Twice in the first three days we were in Ballan, we had to scramble to find a new place of shelter. Brotherhood patrols had begun random inspections of dwellings as well as unoccupied structures. Apparently the rebels had become a big enough nuisance that they were now worth rooting out.
After being shuttled around for the second time, I’d had enough of being kept in the dark. Shari and I finally confronted Karsh in the next hiding place, a multiroom rismal three levels up from the seafloor. Shari, Karsh and I gathered near one corner of the room.

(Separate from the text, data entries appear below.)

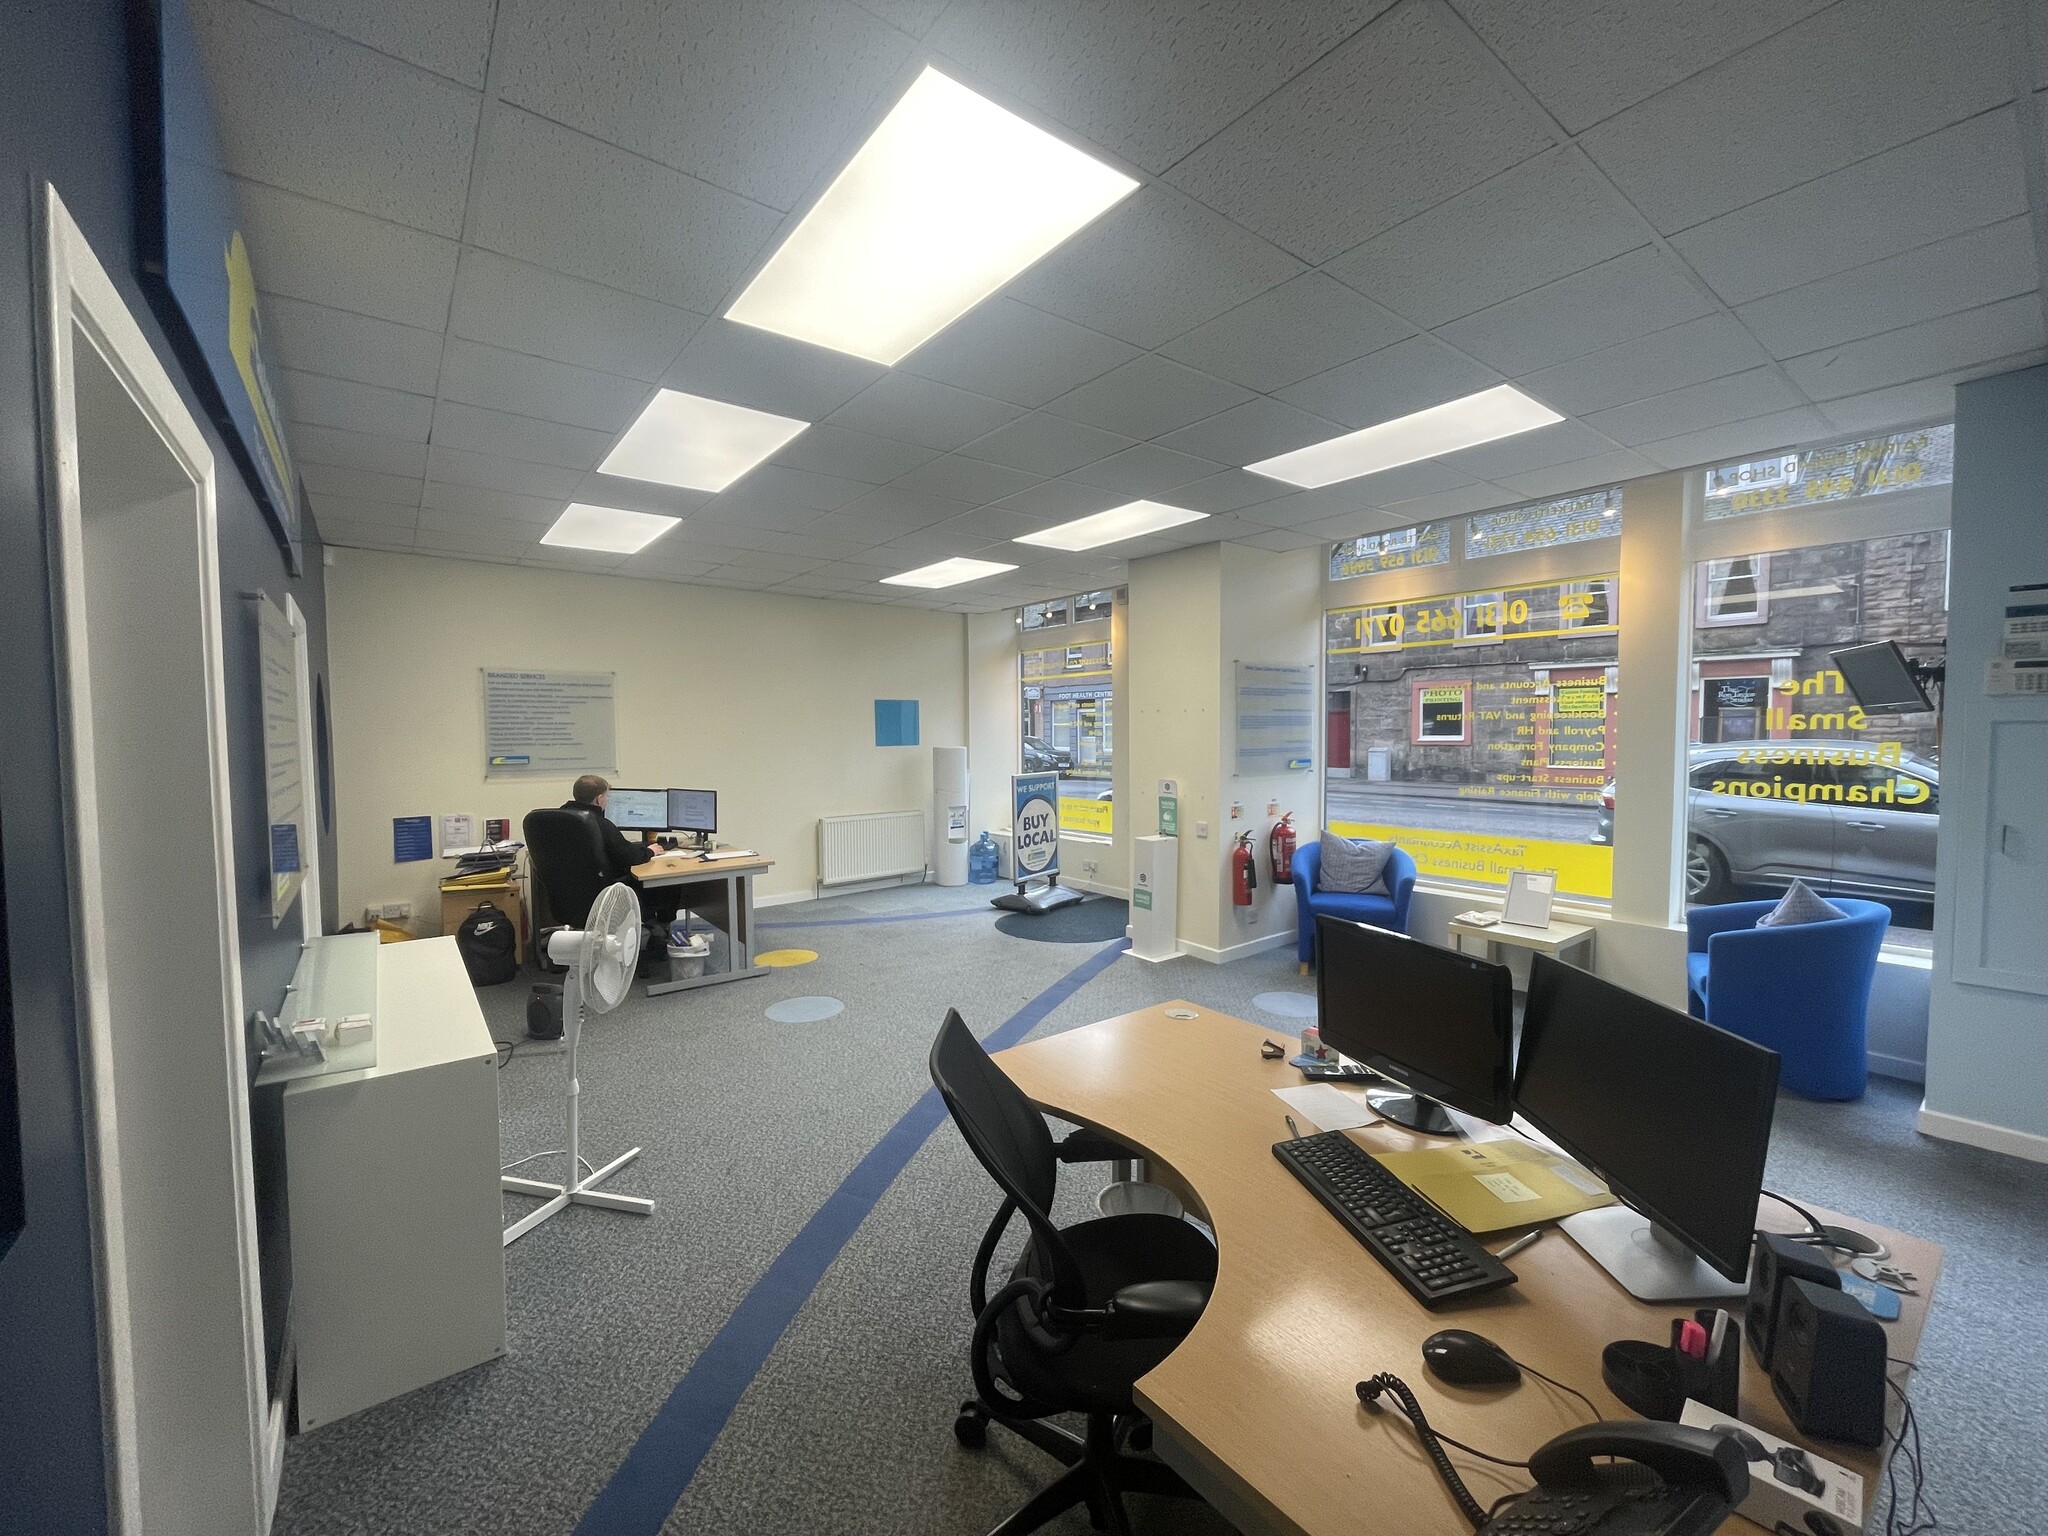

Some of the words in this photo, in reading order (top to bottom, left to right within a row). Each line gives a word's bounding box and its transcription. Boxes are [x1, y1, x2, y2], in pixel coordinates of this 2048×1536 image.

[1423, 689, 1463, 697] PHOTO
[1016, 785, 1027, 793] WE
[1028, 782, 1055, 792] SUPPORT
[1023, 813, 1049, 831] BUY
[1017, 829, 1057, 850] LOCAL

“Look Karsh, if we’re going to be able to help your people, we have to know what’s going on. Not just the highlights, but the details.”
“Agreed. I have been preoccupied with other matters the past few days. But it is time you know what we are fighting for, and how you fit in.”
“Good. So, what is this Brotherhood, and what’s the rebellion all about.”
Karsh paused for a moment before speaking. “That is a long and unfortunate page in our history. Where to begin?” He paused again.
“Humans and Azarti are quite different in many respects, but there are parallels in our two histories. Like you, we once were divided into hundreds of nations and city-states. Over the course of centuries, countries joined forces or were conquered. Yes, our people fought incessant wars, just as yours do. Finally, this consolidation resulted in four superstates: Rygola, Semstat, Jesern, and Marpala. Rygola and Semstat were the most powerful of the four, both economically and militarily. Each eyed the two smaller states but was held in check by the other.